2. Commonwealth of PA v. Gerald John Delbridge, 771 A.2d 1 (Pa. Super. Ct. 2001) (October 21, 2004)
This is a seminal 2003 case where the Supreme Court set aside the trial court's conviction of the defendant pending a new competency hearing of the subject minor child (victim child). See Commonwealth v. Delbridge, 855 A.2d 27 (Pa. 2003) The within opinion by the Supreme Court was the resulting appeal from that competency hearing. The Supreme Court held that the victim child was competent to testify and had not been so tainted by the suggestive interviewing process to declare the child unavailable. The trial court held that the appellant failed to meet his burden of proving that the children were tainted by clear and convincing evidence.
Interestingly, the court further held that there was no necessity to admit expert testimony on the question of taint and further that the expert testimony proffered by the defendant did not satisfy the requirements for admissibility.

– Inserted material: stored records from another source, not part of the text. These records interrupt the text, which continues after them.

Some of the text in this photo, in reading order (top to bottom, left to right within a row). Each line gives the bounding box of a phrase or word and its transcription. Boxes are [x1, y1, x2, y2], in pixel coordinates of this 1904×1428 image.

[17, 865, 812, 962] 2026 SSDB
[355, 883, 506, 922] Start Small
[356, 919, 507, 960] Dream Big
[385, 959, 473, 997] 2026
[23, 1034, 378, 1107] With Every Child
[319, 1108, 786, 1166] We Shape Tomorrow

Most noteworthy in the Supreme Court's opinion is the trial courts initial opinion that the concept of taint was not generally accepted in the psychology community and therefore is not admissible under the frye test. The Supreme Court specifically noted that "we do not note that whether expert testimony is admissible without meeting the requirements of frye is an open question as frye only applies in novel science, it is unclear . . . . .annulled at this time rendering an opinion whether psychological expertise on taint, and the impact of taint on competency, is a type of evidence that falls within the prevue of frye.

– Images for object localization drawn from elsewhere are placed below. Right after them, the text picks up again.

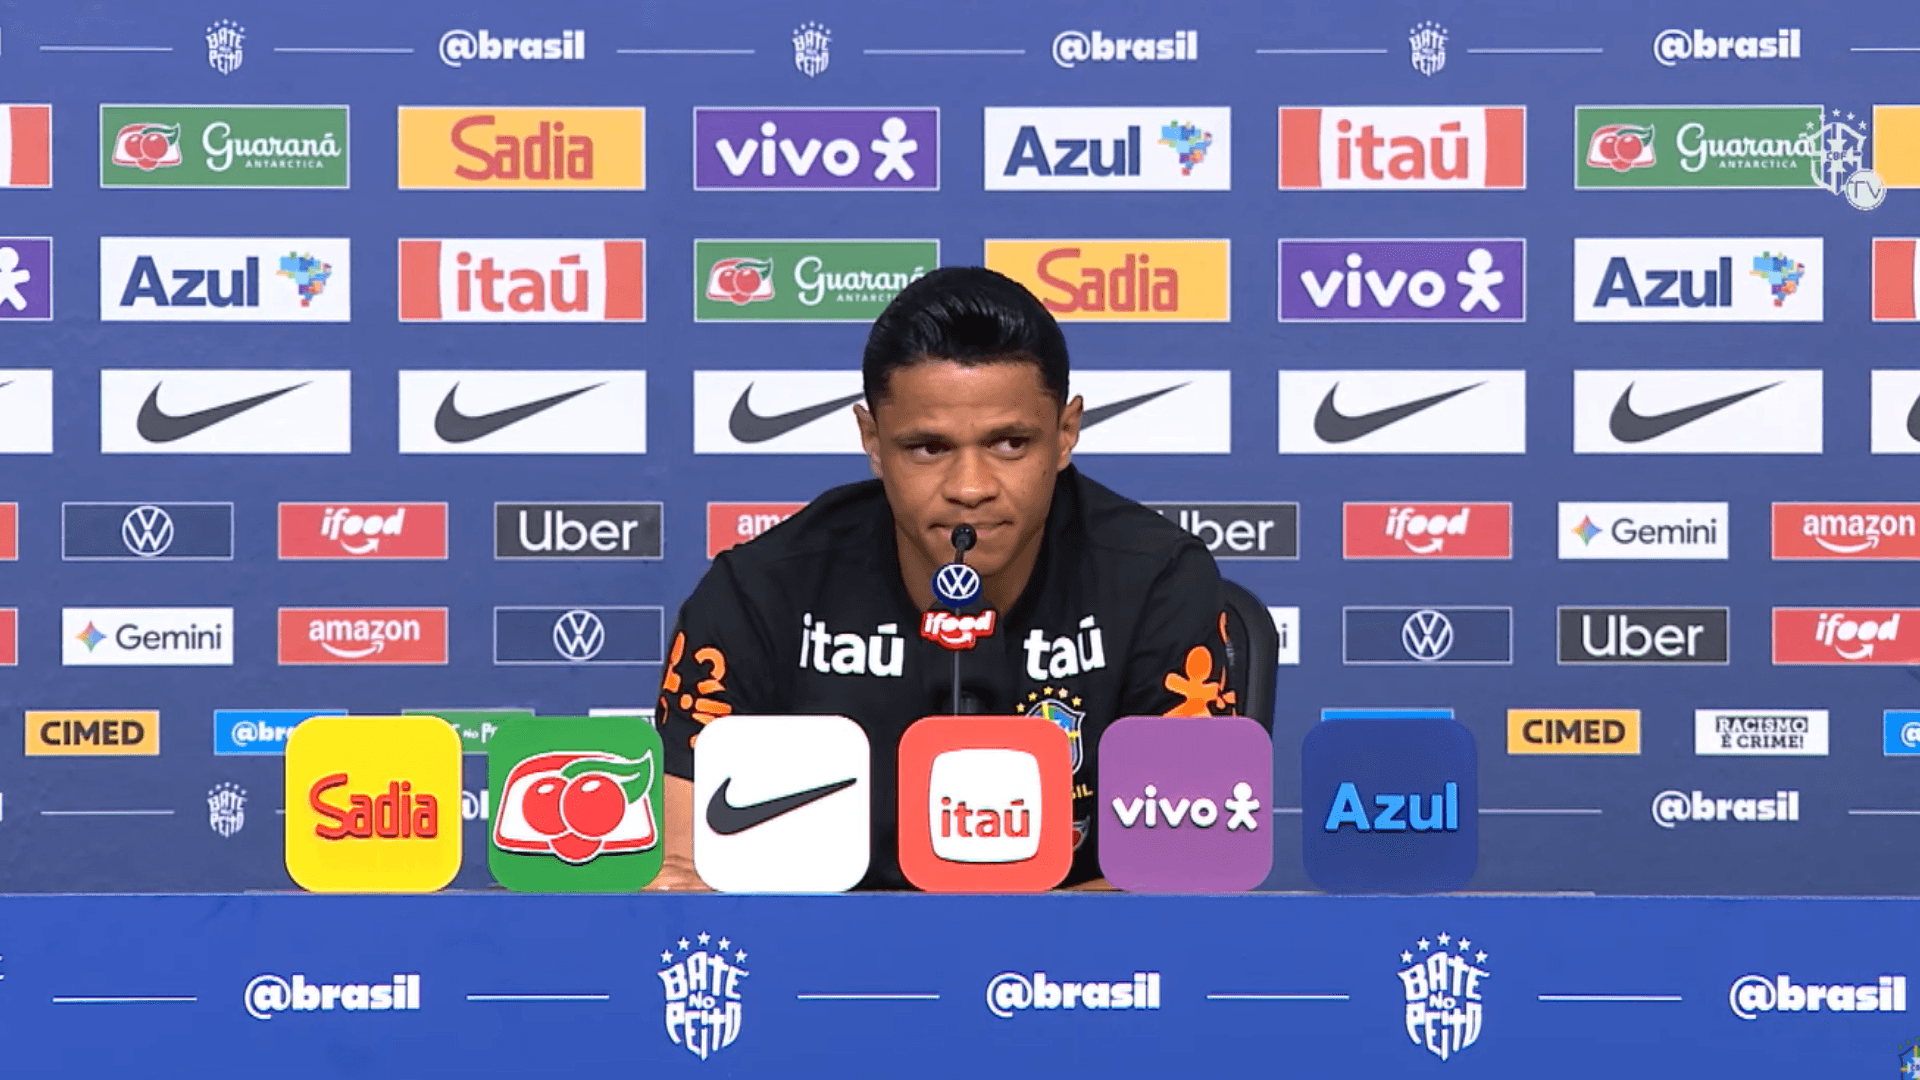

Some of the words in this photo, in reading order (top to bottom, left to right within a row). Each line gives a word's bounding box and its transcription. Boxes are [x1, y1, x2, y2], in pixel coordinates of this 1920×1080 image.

[440, 30, 585, 67] @brasil
[1053, 31, 1198, 67] @brasil
[1654, 29, 1801, 65] @brasil
[203, 121, 342, 172] Guaraná
[245, 159, 324, 169] ANTARCTICA
[451, 115, 593, 180] Sadia
[716, 121, 860, 177] vivo
[1003, 126, 1141, 177] Azul
[1336, 119, 1469, 180] itaú
[1677, 122, 1813, 172] Guaraná
[1718, 159, 1798, 169] ANTARCTICA
[120, 256, 259, 307] Azul
[457, 252, 589, 312] itaú
[1037, 248, 1178, 313] Sadia
[1300, 253, 1446, 308] vivo
[1594, 257, 1733, 307] Azul
[321, 508, 405, 537] ifood
[519, 510, 639, 552] Uber
[1385, 508, 1470, 537] ifood
[1611, 518, 1717, 545] Gemini
[1803, 514, 1916, 536] amazon
[116, 624, 222, 650] Gemini
[309, 619, 420, 642] amazon
[924, 610, 995, 635] ifood
[1582, 615, 1704, 657] Uber
[1815, 612, 1901, 646] ifood
[799, 612, 905, 677] itaú
[1023, 614, 1106, 681] taú
[40, 720, 145, 746] CIMED
[1522, 719, 1626, 744] CIMED
[1717, 716, 1808, 733] RACISMO
[1736, 734, 1804, 749] CRIME!
[309, 774, 438, 840] Sadia
[941, 797, 1030, 838] itaú
[1112, 785, 1217, 829] vivo
[1326, 783, 1458, 833] Azul
[1653, 791, 1799, 827] @brasil
[245, 974, 420, 1020] @brasil
[658, 951, 749, 1000] BATE
[986, 972, 1161, 1018] @brasil
[1397, 951, 1490, 1000] BATE
[1729, 974, 1907, 1020] @brasil

1. PA v. Ritchie, 480 U.S. 39, 1.075 Ct 989 (1987).
2. Pennsylvania 2004 Legislative Service, Amendments to 23 Pa.C.S.A § 6344
3. SENATE BILL No. 137 Session of 2003
4. In the matter of Victoria R. Judgette W., Family Court of New York
The Judge in this case held that because every child born deserves a
mother and father or at the very least a mother or a father, this Court is once again taking the unusual step of ordering the biological mother to conceive no more children until she reclaims her children from foster care and other caretakers, or until the jurisdiction of this Court over her expires. Although this court did not take the extreme steps of ordering chemical castration, etc. it did file the New York's highest court seminal custody case, Bennet v. Jefferies holding that a parent has a right to rear its child and a child has a right to be reared by its parent (40 NY 2d. 543.) The Judge in this case held that in light of the common sense reason of Bennet, the court held that a parent has the responsibility to rear his or her children, but not an unlimited right to bear children irresponsibly. In this case the mother had been neglecting her 5 children since the year 2000. Parental rights had been terminated regarding 2 of those children in 2003. The subject minor child in this case, Victoria R. was born in the spring of 2000, and a petition for dependency was filed 4 days after her birth, due to the positive toxicology screen for cocaine. The court held that instead a mother-daughter relationship beginning at birth, it nearly ceased at birth. The very important relationship needs to be put in place instead of having permanently it will be through the support of efforts of the agents of the department to get the respondent clean and sober, and engaged with her child beginning with supervised visitation. "This responsibility of parenting Victoria falls on society because respondent has left it to us."